Marvin Architectural no longer supply timber windows without aluminium cladding. They say that people weren't maintaing the fully timber windows so I suppose they were getting a bad name?

As far as I know they are at the top end of the market but this might not bother you! They do have different colors, nice cream ones etc. Nice fittings too and they do sash.

Also, I think Carlson windows would have aluminium trim whcih directs the rain away from problem areas. Nice pictures on www.carlson.ie/. I had a quote from them which was about 20% more expensive that going for fully timber pine windows.


----------



## anka1 (17 Feb 2004)

*Wooden Windows in a New Build*

Hi 

Thanks for that - Marvin are hugely expensive - did you go for the pine windows in the end? Can I ask the number of windows you installed etc and the price you were quoted - I am looking at about 20 big picture windows and 3 sets of Frend doors.

Were the ones you went for  also from Carlson or other supplier ? 
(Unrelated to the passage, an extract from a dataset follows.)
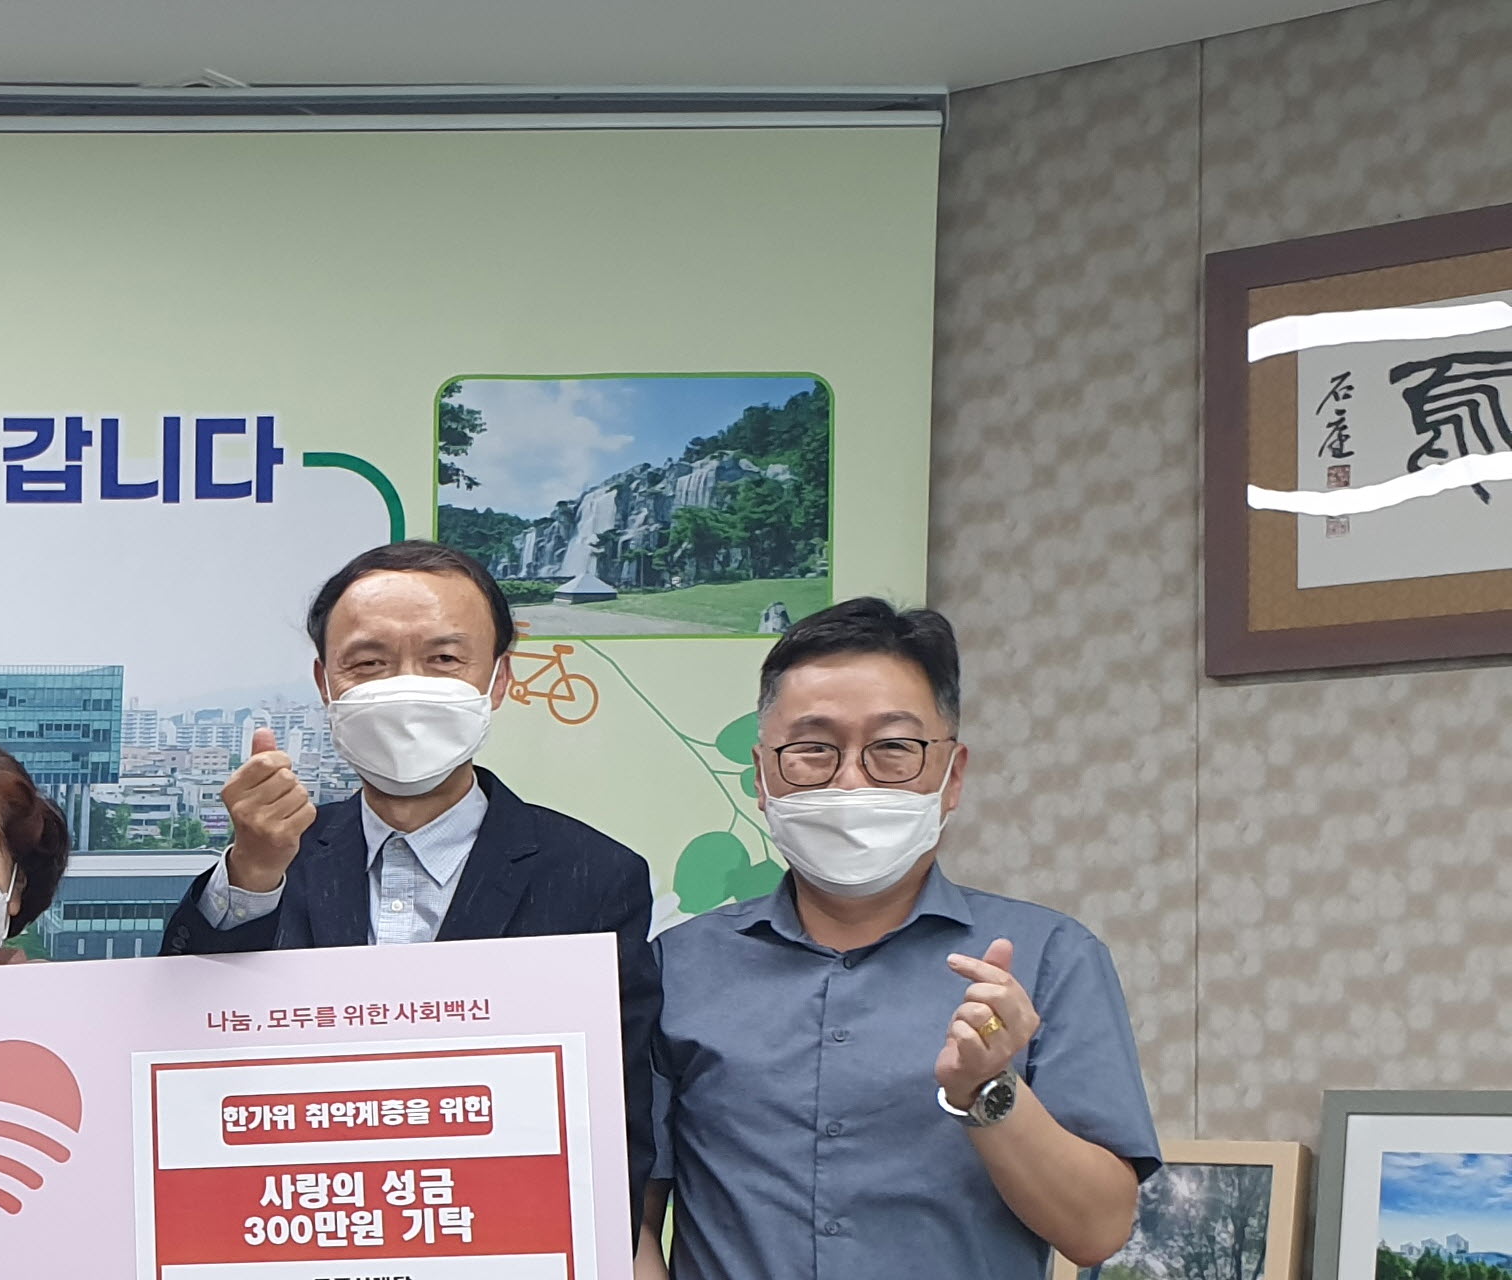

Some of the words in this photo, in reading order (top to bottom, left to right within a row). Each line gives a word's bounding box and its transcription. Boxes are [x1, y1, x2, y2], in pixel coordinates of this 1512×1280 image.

Anyone else supplying the aluminium clad windows that you know of?

Thanks 
Anka


----------



## heinbloed (18 Feb 2004)

*windows*

Make sure you get the technical data sheet of the timber preservatives . Many are not suitable for interior use . Some companies import the profiles from the US where these chemicals are banned for the home market .
When you have this information check the US department FDA about the substance (web). I was lucky to do that because the windows which I was looking for from the states where hazardous waste before they where even produced but on offer by an Irish company .
I think the windows you are looking at ( alu/ timber ) are made by a danish (?) company : " RATIONEL "


----------



## kfpg (18 Feb 2004)

*Alu Clad Windows*

I obtained a quote from Roco (Scandinavian Windows and Doors) in Waterford for alu clad timber windows.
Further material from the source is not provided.